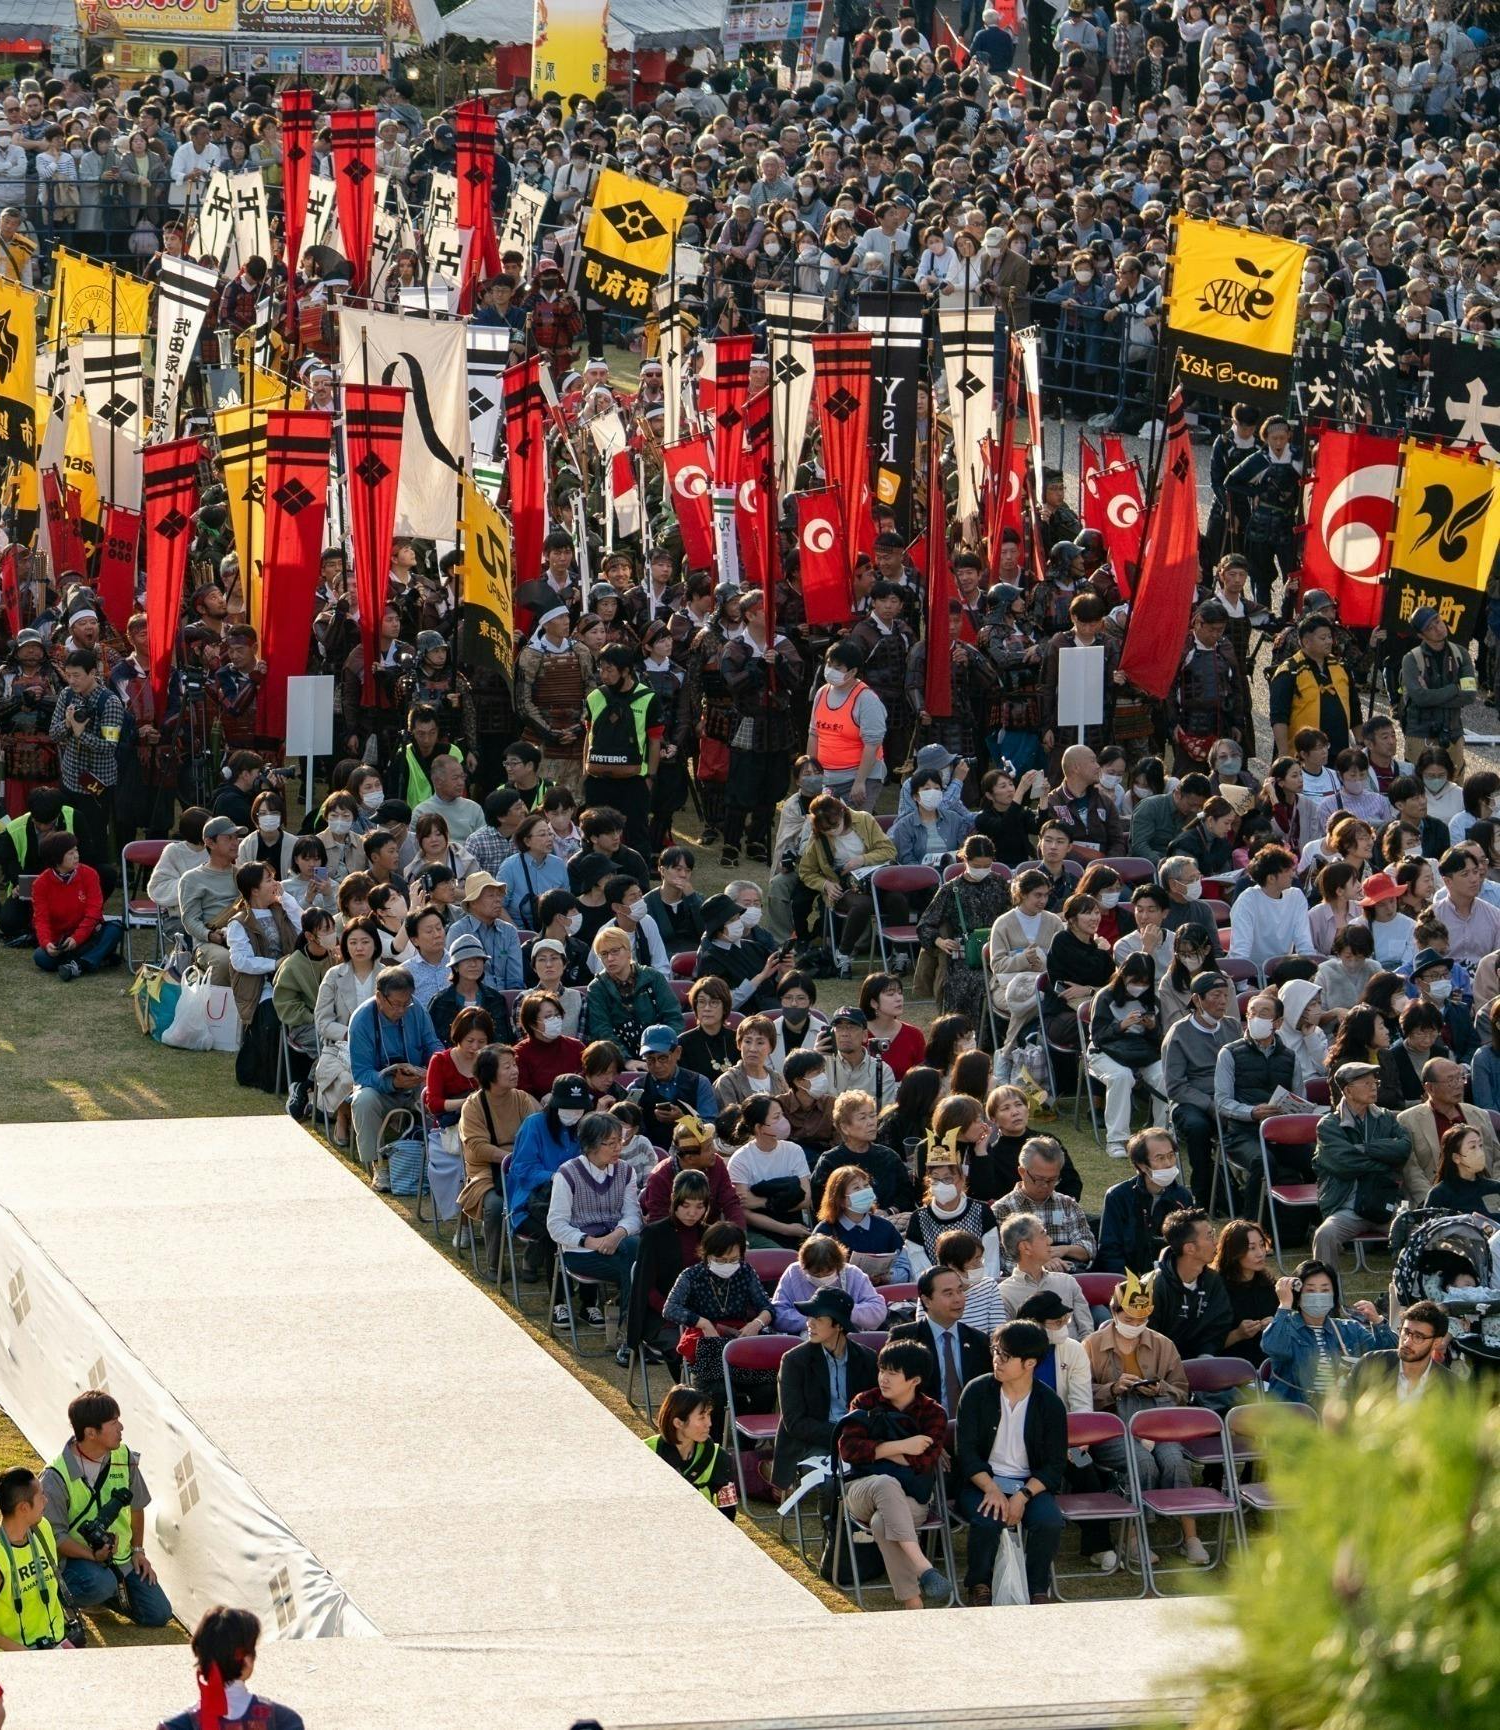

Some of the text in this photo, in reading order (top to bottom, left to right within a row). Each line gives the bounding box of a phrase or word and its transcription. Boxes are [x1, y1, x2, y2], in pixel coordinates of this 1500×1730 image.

[585, 260, 649, 307] 甲府市
[1180, 353, 1214, 378] Ysk
[590, 753, 628, 763] HYSTERIC
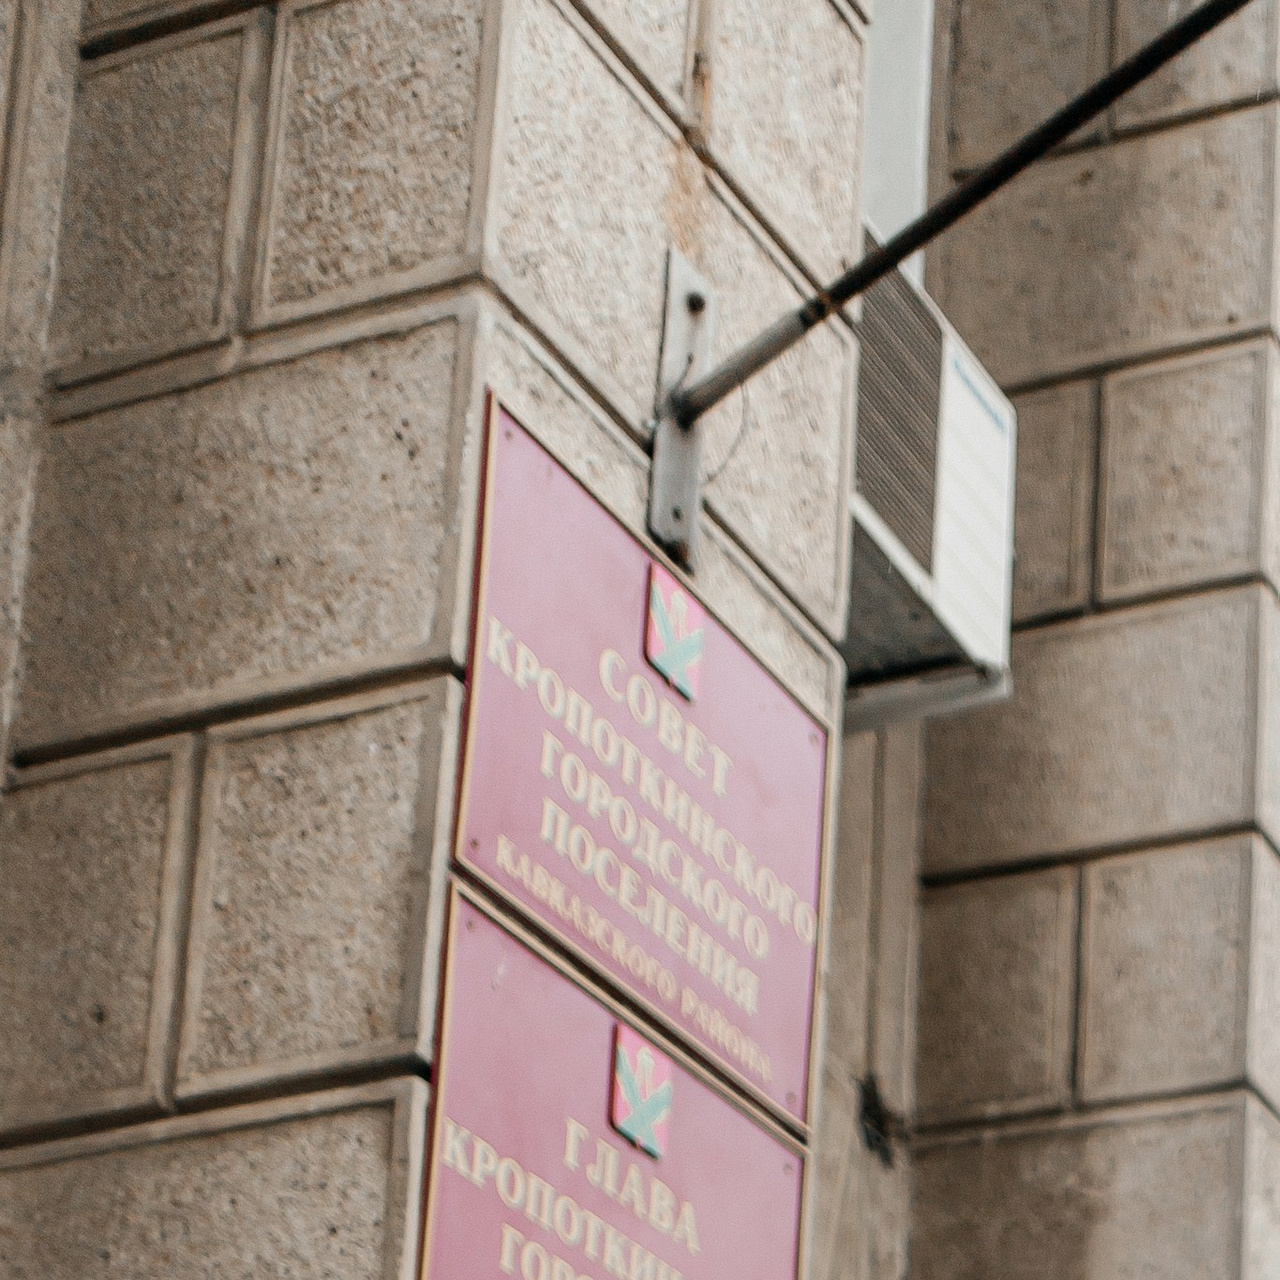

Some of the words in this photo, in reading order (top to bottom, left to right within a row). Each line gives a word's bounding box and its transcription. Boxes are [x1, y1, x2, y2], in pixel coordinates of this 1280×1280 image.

■ **AIM OF THE TASK**: Using the records above, output their complete text exactly, minus any images.

■ **TASK RESPONSE**:
Some of the text in this photo, in reading order (top to bottom, left to right within a row). Each line gives the bounding box of a phrase or word and its transcription. Boxes are [x1, y1, x2, y2], in pixel coordinates of this 1500×1730 image.

[585, 260, 649, 307] 甲府市
[1180, 353, 1214, 378] Ysk
[590, 753, 628, 763] HYSTERIC

Some of the words in this photo, in reading order (top to bottom, left to right within a row). Each line gives a word's bounding box and its transcription. Boxes are [x1, y1, x2, y2], in pixel coordinates of this 1280×1280 image.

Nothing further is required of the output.